= WORK TO BE COMPLETED =
Would you transcribe each entry precisely as it stands, setting aside any images?
%%
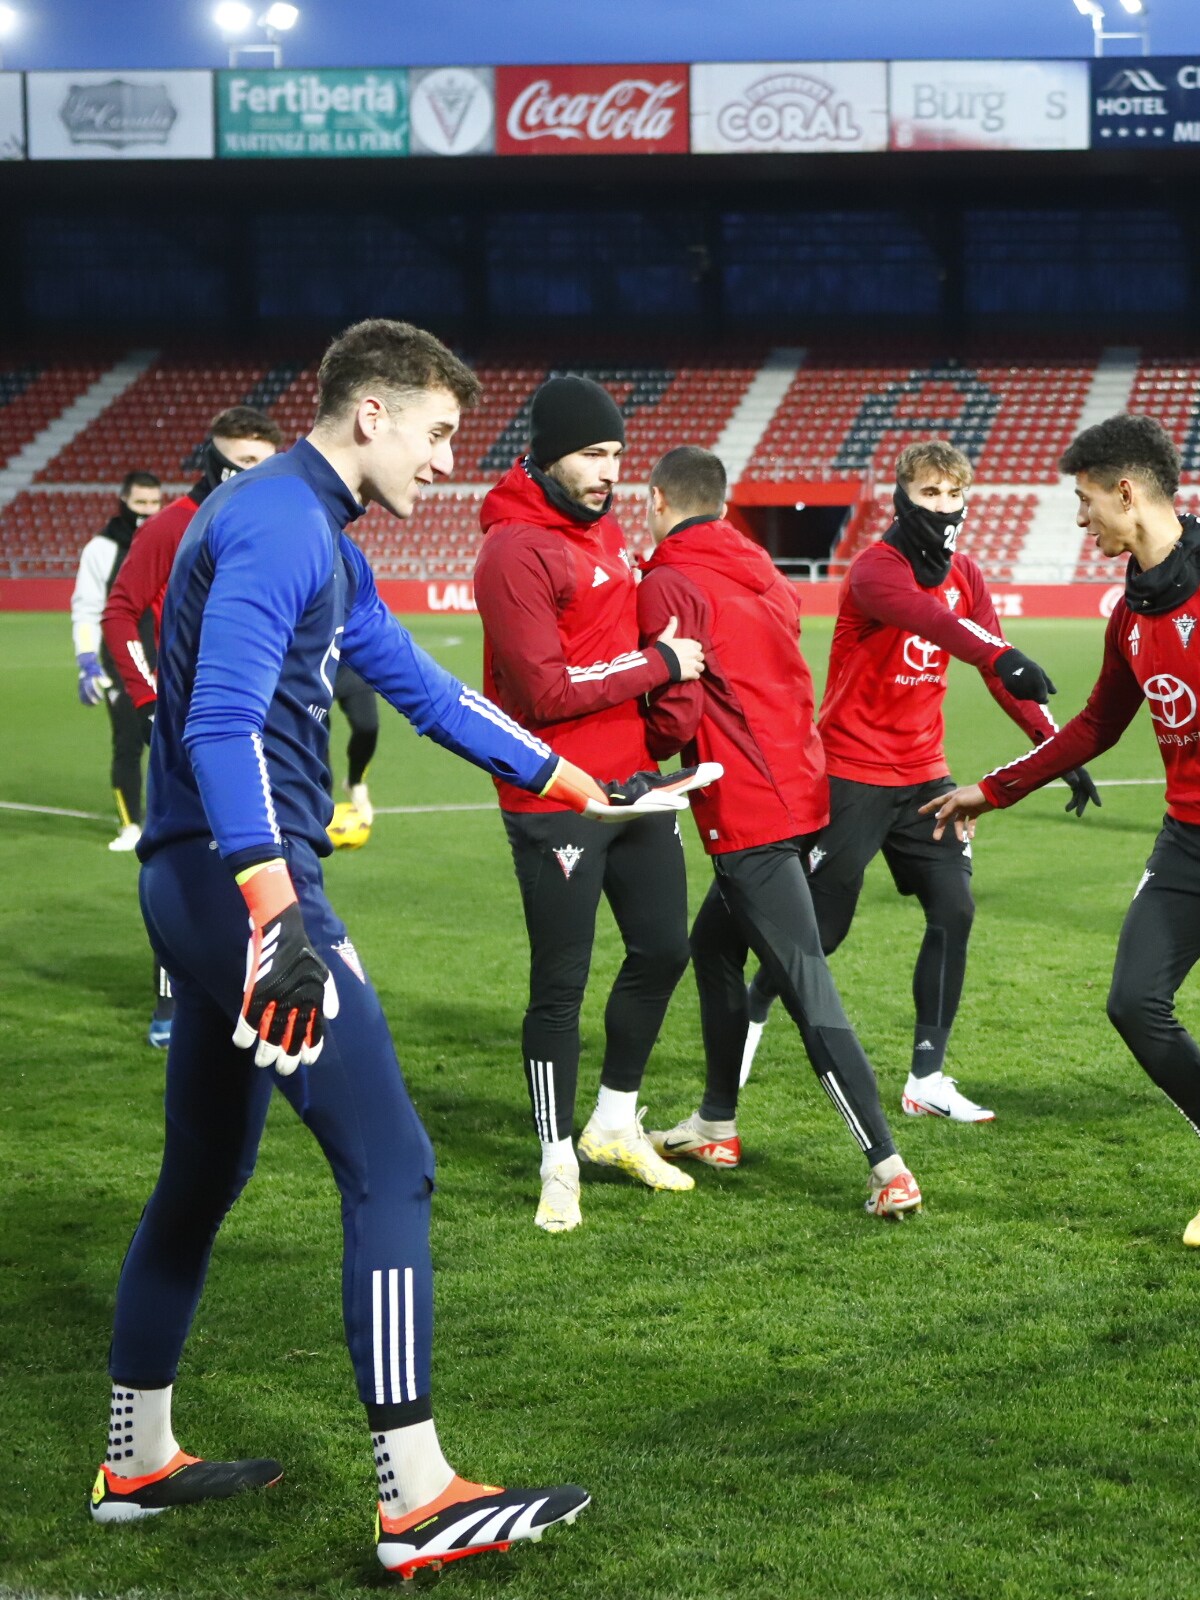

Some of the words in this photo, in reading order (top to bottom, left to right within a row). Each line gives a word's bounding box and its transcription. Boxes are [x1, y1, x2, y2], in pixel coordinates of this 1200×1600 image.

[228, 75, 397, 113] Fertiberia
[1099, 97, 1168, 115] HOTEL
[718, 102, 863, 142] CORAL
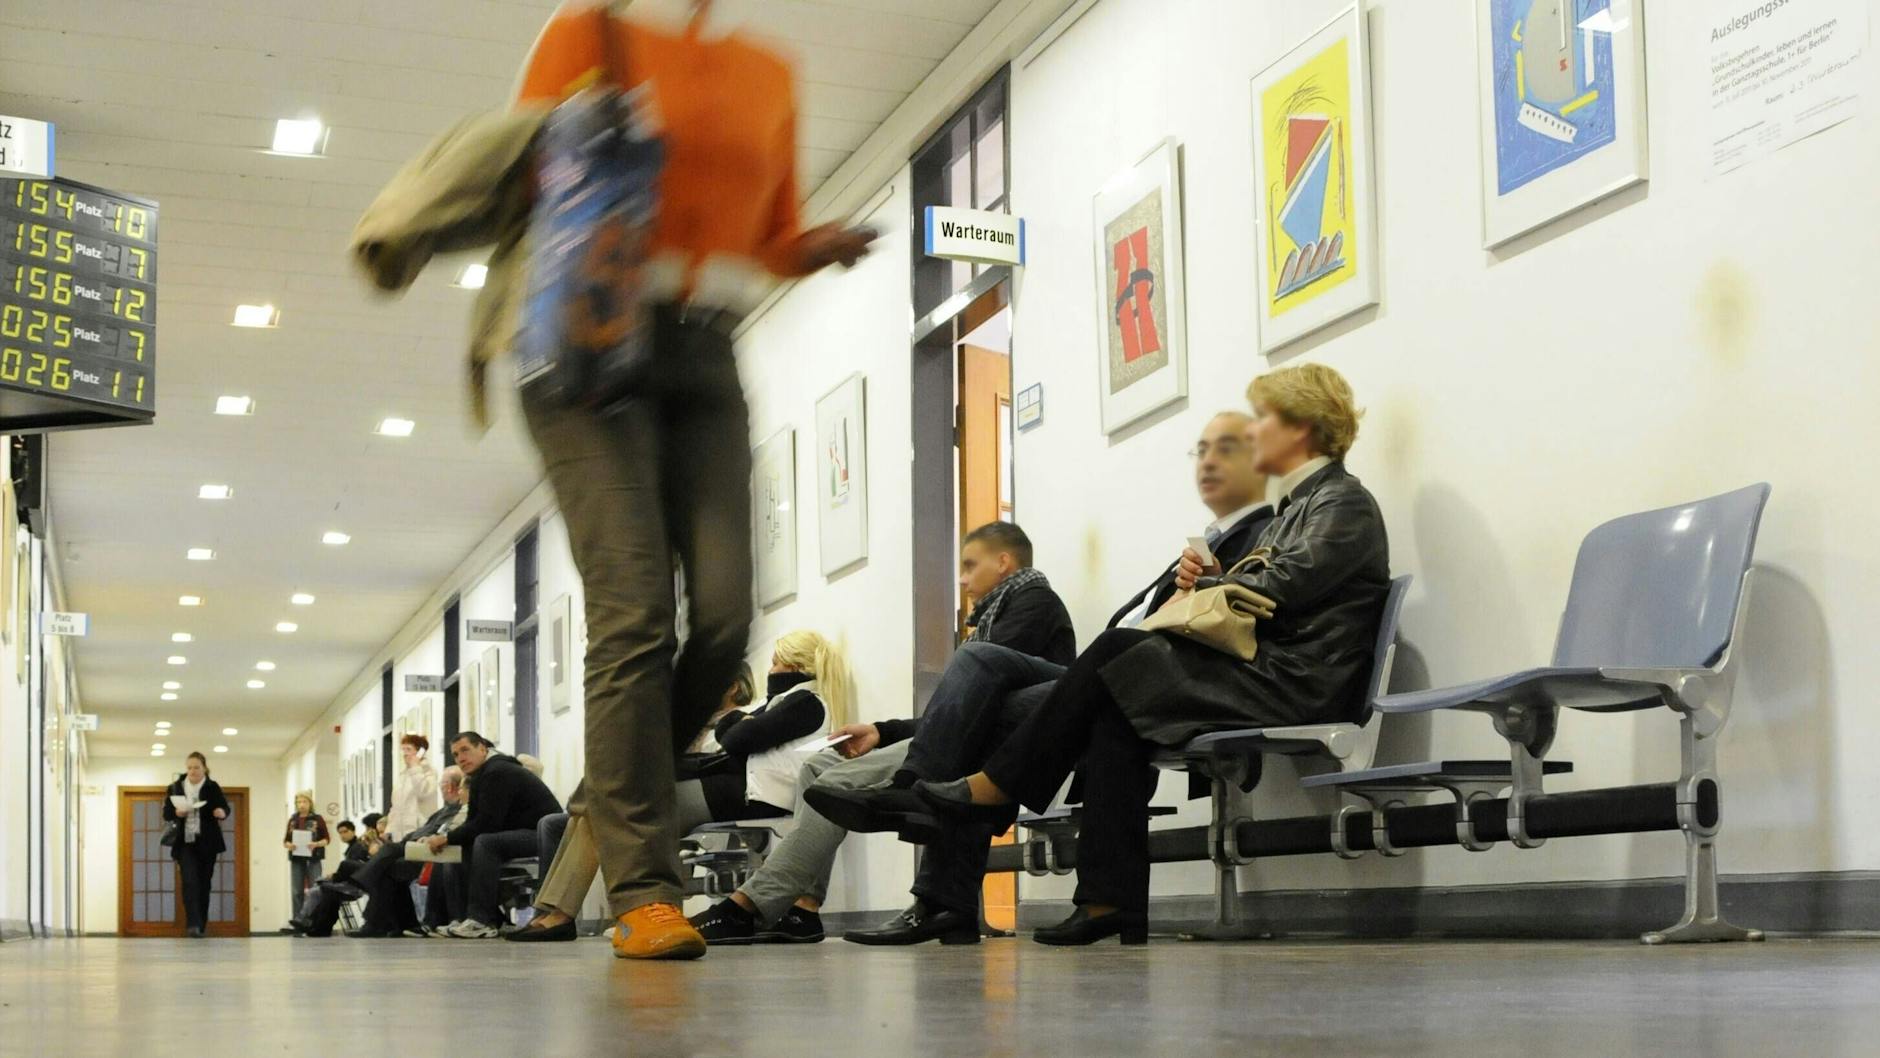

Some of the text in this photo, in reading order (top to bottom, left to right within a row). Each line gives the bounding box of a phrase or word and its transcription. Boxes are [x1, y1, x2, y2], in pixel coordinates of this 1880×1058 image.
%%
= ANSWER TO THE EXERCISE =
Some of the words in this photo, in reading order (top to bottom, left to right within a row). Each line gives a word's bounding box and its transcription. Boxes are [x1, y1, x2, y2], in pixel coordinates of this 1200×1600 image.

[228, 75, 397, 113] Fertiberia
[1099, 97, 1168, 115] HOTEL
[718, 102, 863, 142] CORAL

Some of the text in this photo, in reading order (top to bottom, left to right within a row). Each line gives the bounding box of a phrase or word and its transcription. Boxes are [x1, y1, x2, y2], in pixel coordinates of this 1880×1058 image.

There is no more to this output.